1st Vice-Governor of Lesser Sunda
- In office 1950–1958
- Governor: I Gusti Ketut Pudja
- Preceded by: Position established

Office of the Governor for Lesser Sunda
- In office 23 August 1945 – 15 August 1950
- Preceded by: Position established
- Succeeded by: Position abolished

Secretary of Paruman Agung
- In office 1946–1949

Member of the Paruman Agung
- In office 1930s–1940s
- Constituency: Karangasem

Regent of Rendang, Karangasem
- In office 29 January 1934 – 30 June 1938
- Preceded by: I Kadek Rauh

Personal details
- Born: 26 January 1910 Karangasem, Bali, Dutch East Indies
- Died: 22 July 1992 (aged 82) Denpasar, Bali, Indonesia
- Spouse: Gedong Bagus Oka
- Occupation: Public Servant

= I Gusti Bagus Oka =

I Gusti Bagus Oka (Also spelled I Gusti Bagoes Oka) (26 January 1910 – 22 July 1992) was the Governor for the Province of Bali and Vice-Governor for the Province of Lesser Sunda. He and his wife, Gedong Bagus Oka, were the founding members of the Parisada Hindu Dharma Indonesia. I Gusti Bagus Oka was also the first Vice-chair of Parisada Hindu Dharma Indonesia. Throughout his public service career, I Gusti Bagus Oka held various government offices, while Gedong Bagus Oka served as Member of Parliament. The couple were also actively involved in social activity and founded Ashram Gandhi in Candidasa, Bali.
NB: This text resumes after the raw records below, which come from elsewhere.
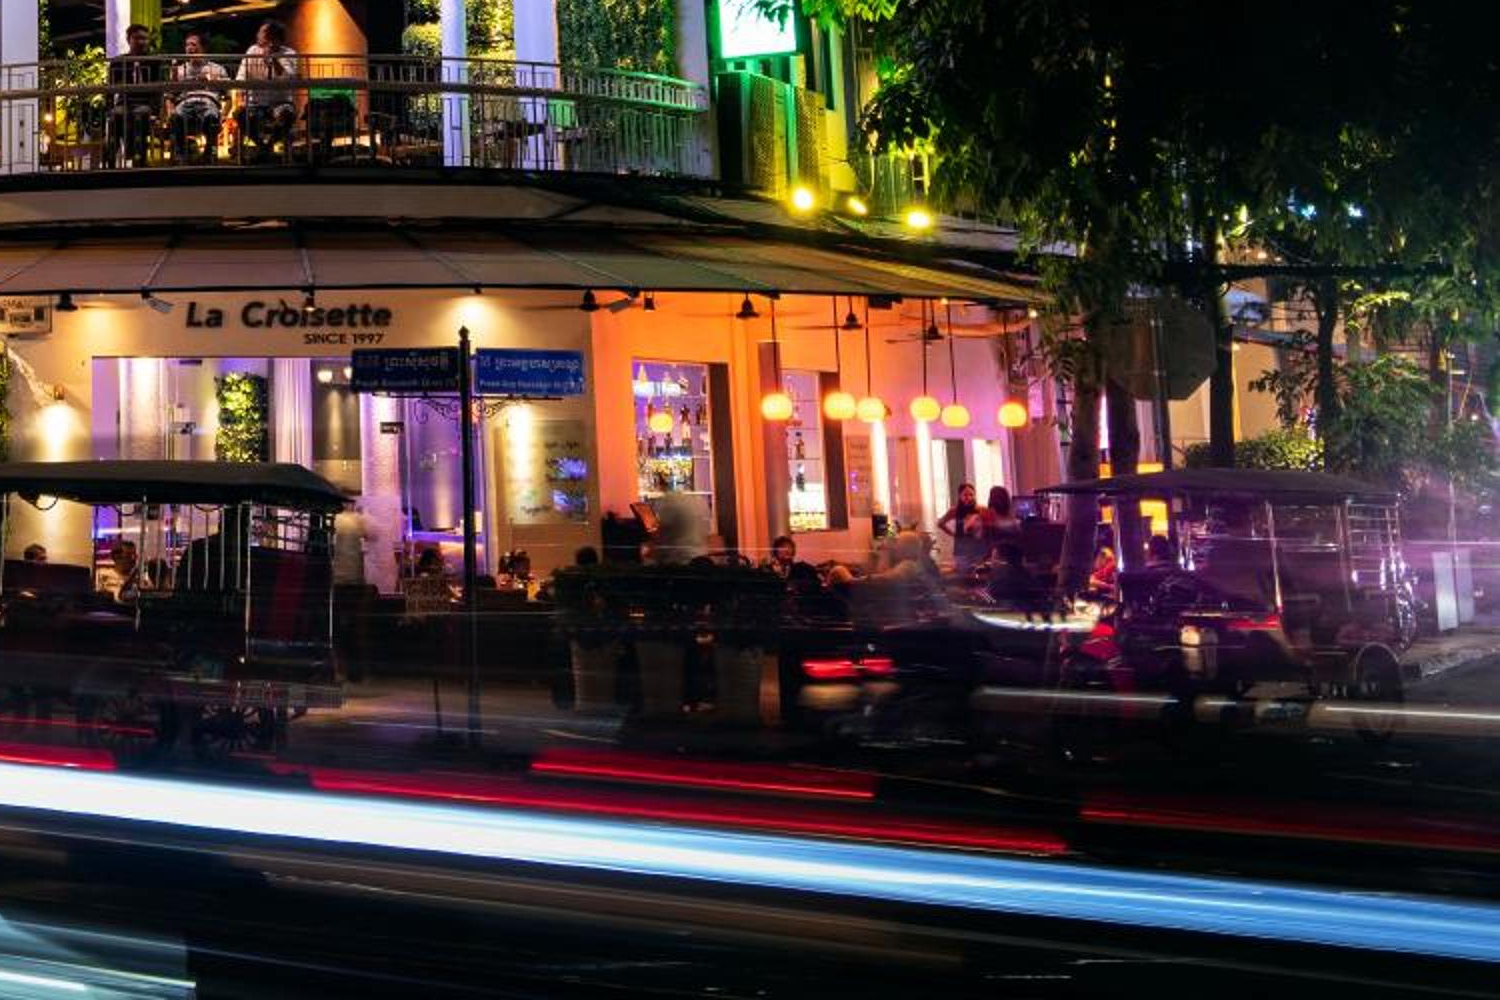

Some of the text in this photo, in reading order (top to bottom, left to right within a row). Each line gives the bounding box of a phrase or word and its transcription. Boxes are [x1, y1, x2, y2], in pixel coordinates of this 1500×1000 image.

[186, 301, 223, 328] La
[304, 333, 385, 345] SINCE 1997
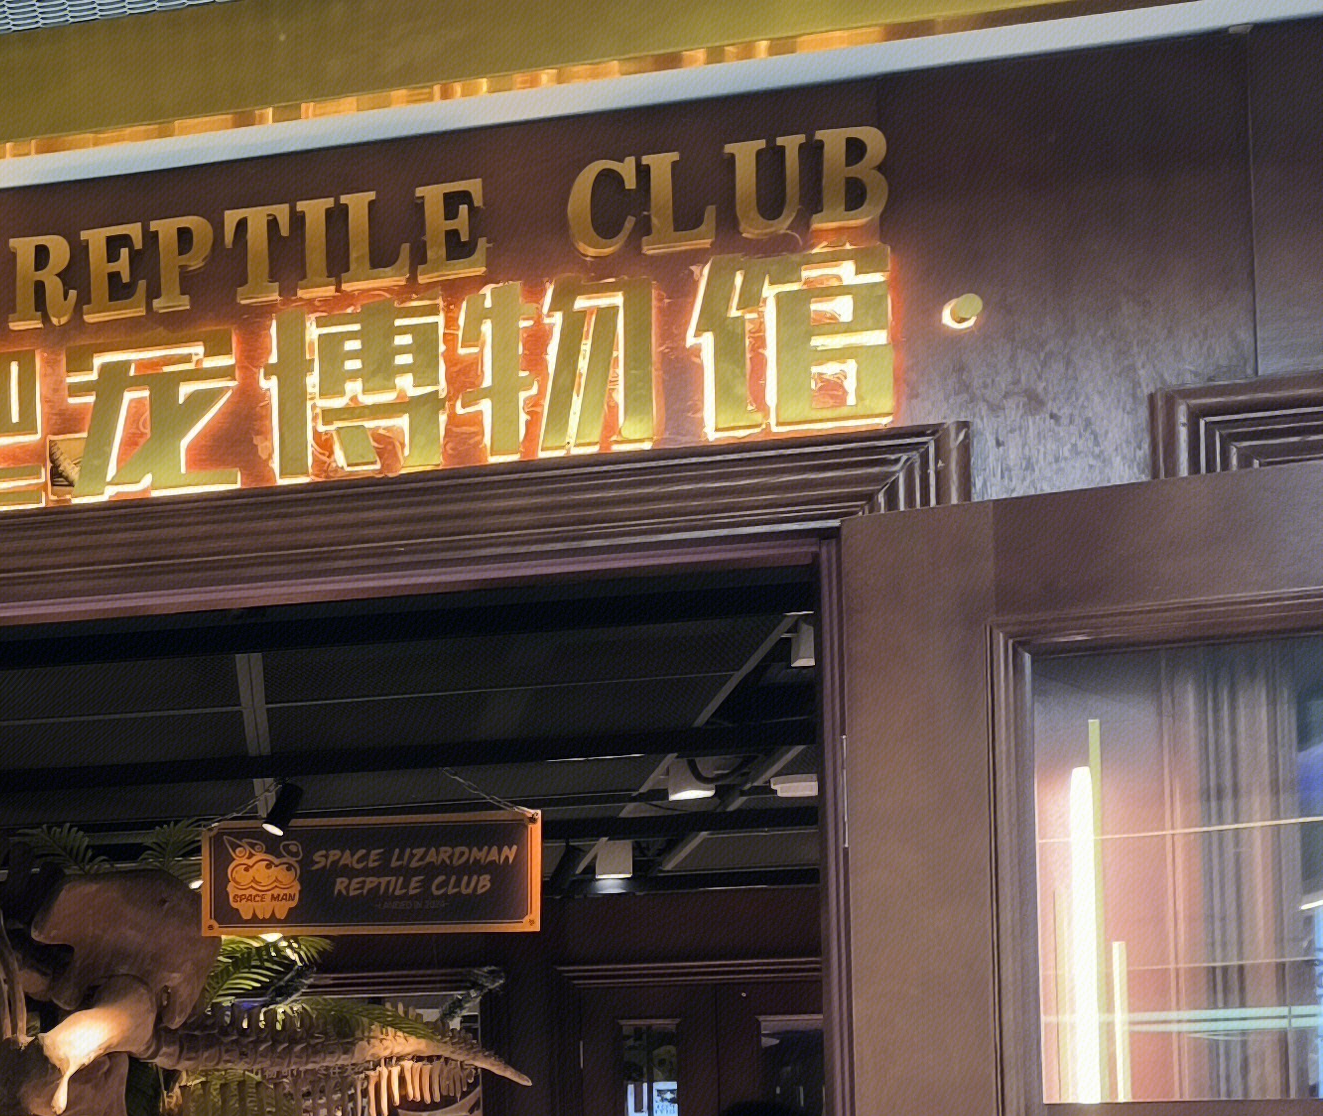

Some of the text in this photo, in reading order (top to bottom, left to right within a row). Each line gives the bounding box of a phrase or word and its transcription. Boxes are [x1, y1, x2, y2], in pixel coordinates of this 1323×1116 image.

[8, 177, 488, 331] REPTILE
[568, 125, 890, 257] CLUB
[311, 845, 518, 871] SPACE LIZARDMAN
[233, 892, 296, 903] SPACE MAN
[334, 874, 492, 898] REPTILE CLUB
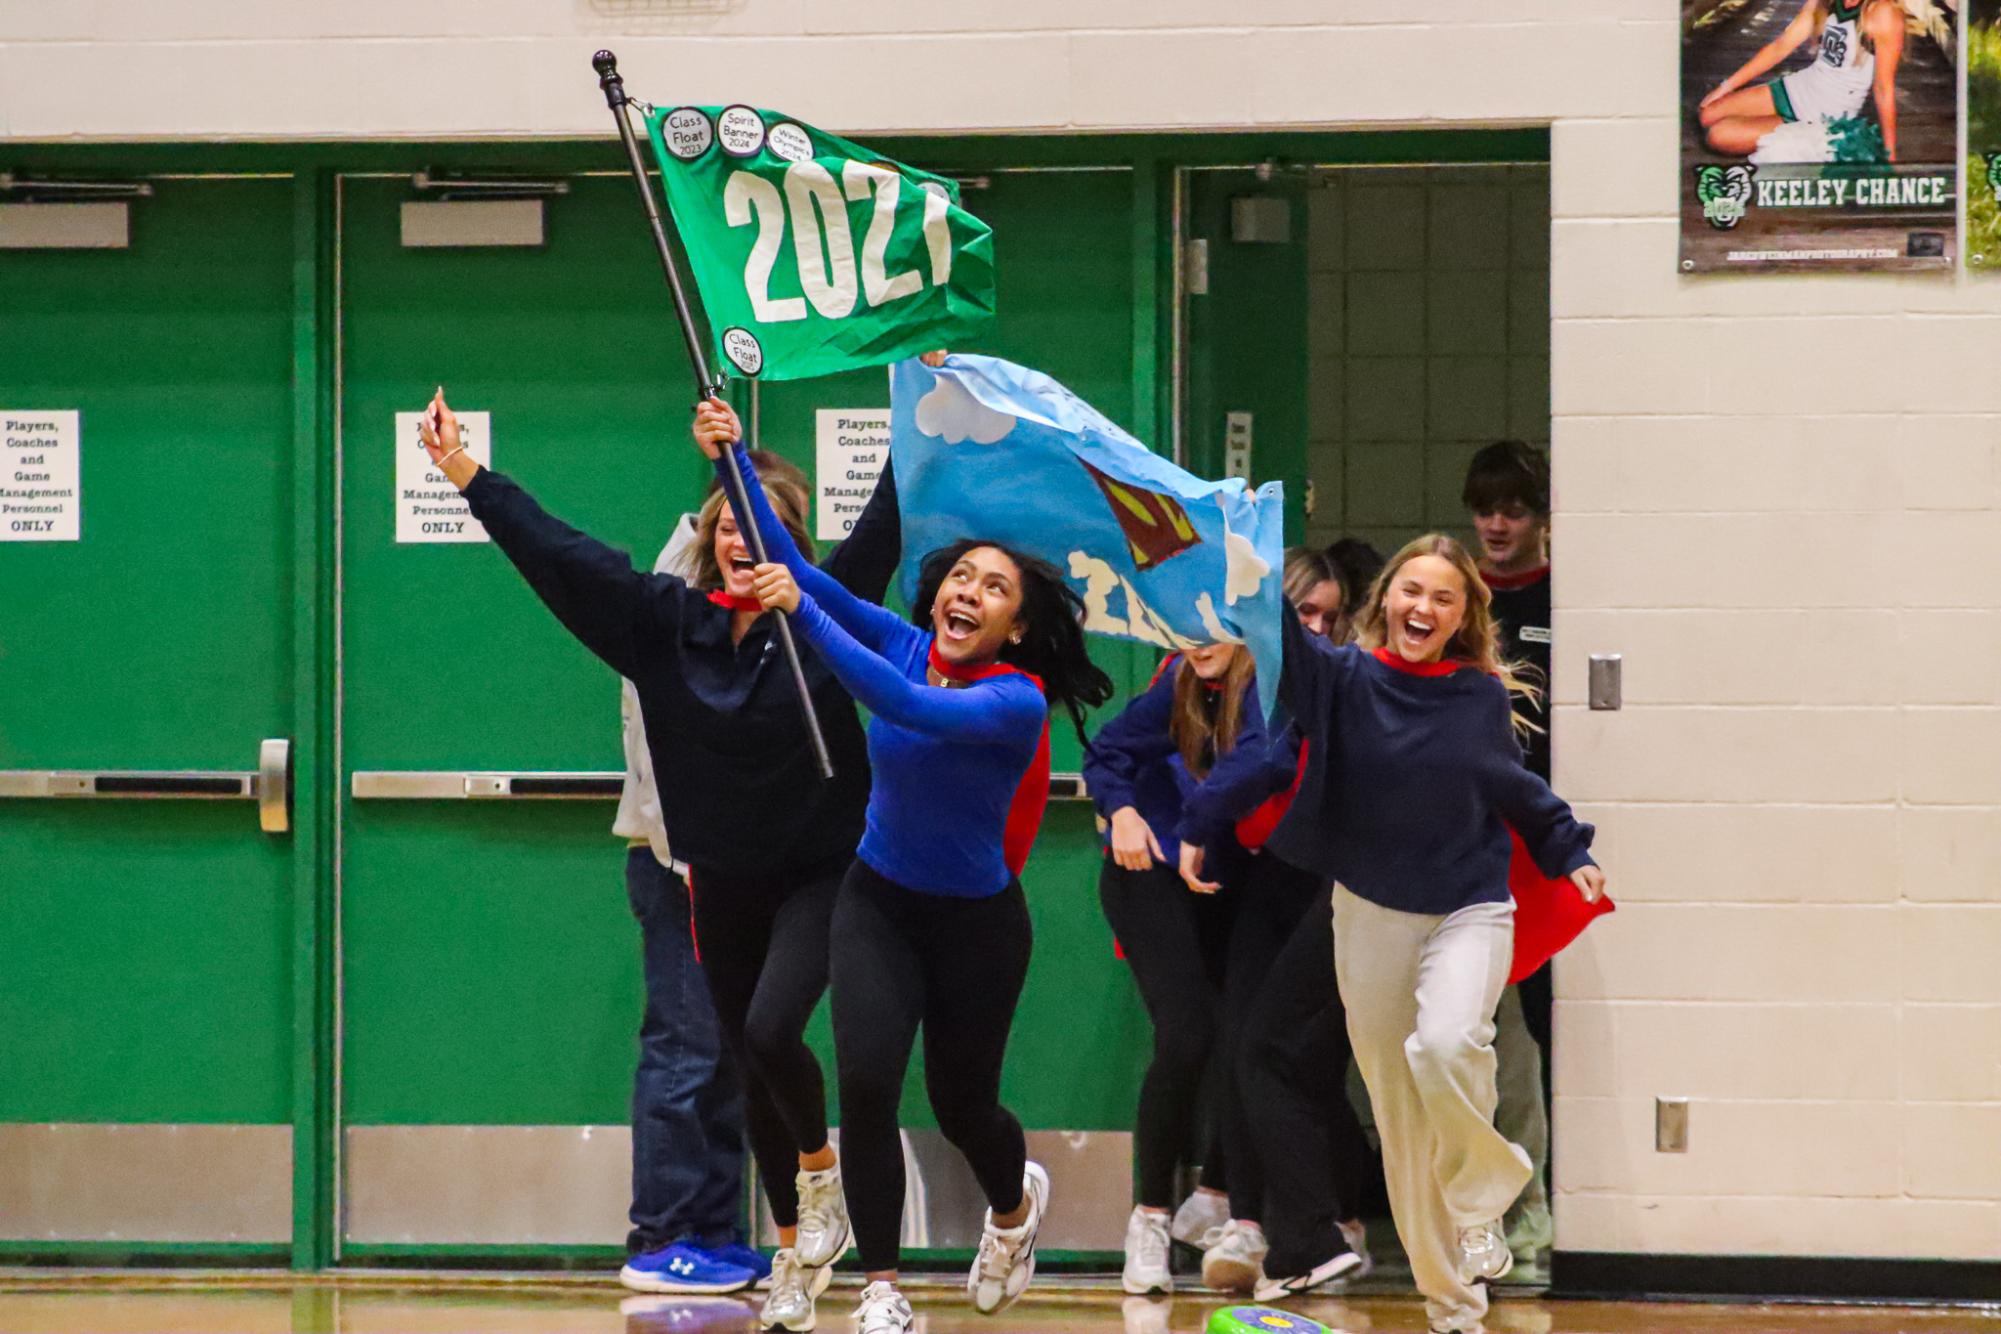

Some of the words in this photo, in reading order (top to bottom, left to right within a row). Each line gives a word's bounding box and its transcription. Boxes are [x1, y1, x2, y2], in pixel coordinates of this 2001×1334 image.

[670, 116, 702, 129] Class
[727, 112, 755, 127] Spirit
[673, 130, 704, 144] Float
[723, 124, 759, 140] Banner
[1757, 179, 1848, 207] KEELEY
[1855, 177, 1946, 205] CHANCE
[729, 333, 756, 348] Class
[733, 346, 758, 364] Float
[5, 420, 59, 433] Players,
[6, 437, 59, 448] Coaches
[838, 436, 891, 447] Coaches
[20, 454, 45, 465] and
[852, 453, 877, 463] and
[14, 471, 51, 482] Game
[403, 489, 463, 501] Managem
[824, 487, 873, 499] Manage
[2, 503, 63, 514] Personnel
[413, 505, 470, 515] Personne
[11, 520, 54, 532] ONLY
[421, 522, 465, 533] ONLY
==Early life and movement activist==
I Gusti Bagus Oka was born in Karangasem, Bali on January 26, 1910. He was born in Balinese aristocracy from Puri Kawan. Although Bali is predominantly a Hindu community, the Muslim community in Sasak, Lombok gave him the title ‘Baginda Usman’, due to historical relationship between Puri Kawan (Western Court) and Lombok Muslims, reflecting inter-religious harmony at that time.

He had access to a public education, a luxury that was unattainable by most of the population in Bali. He married Gedong Bagus Oka, the daughter of village council member in Karangasem. Sharing similar background and vision for Bali, the couple were engaged in political and social activities.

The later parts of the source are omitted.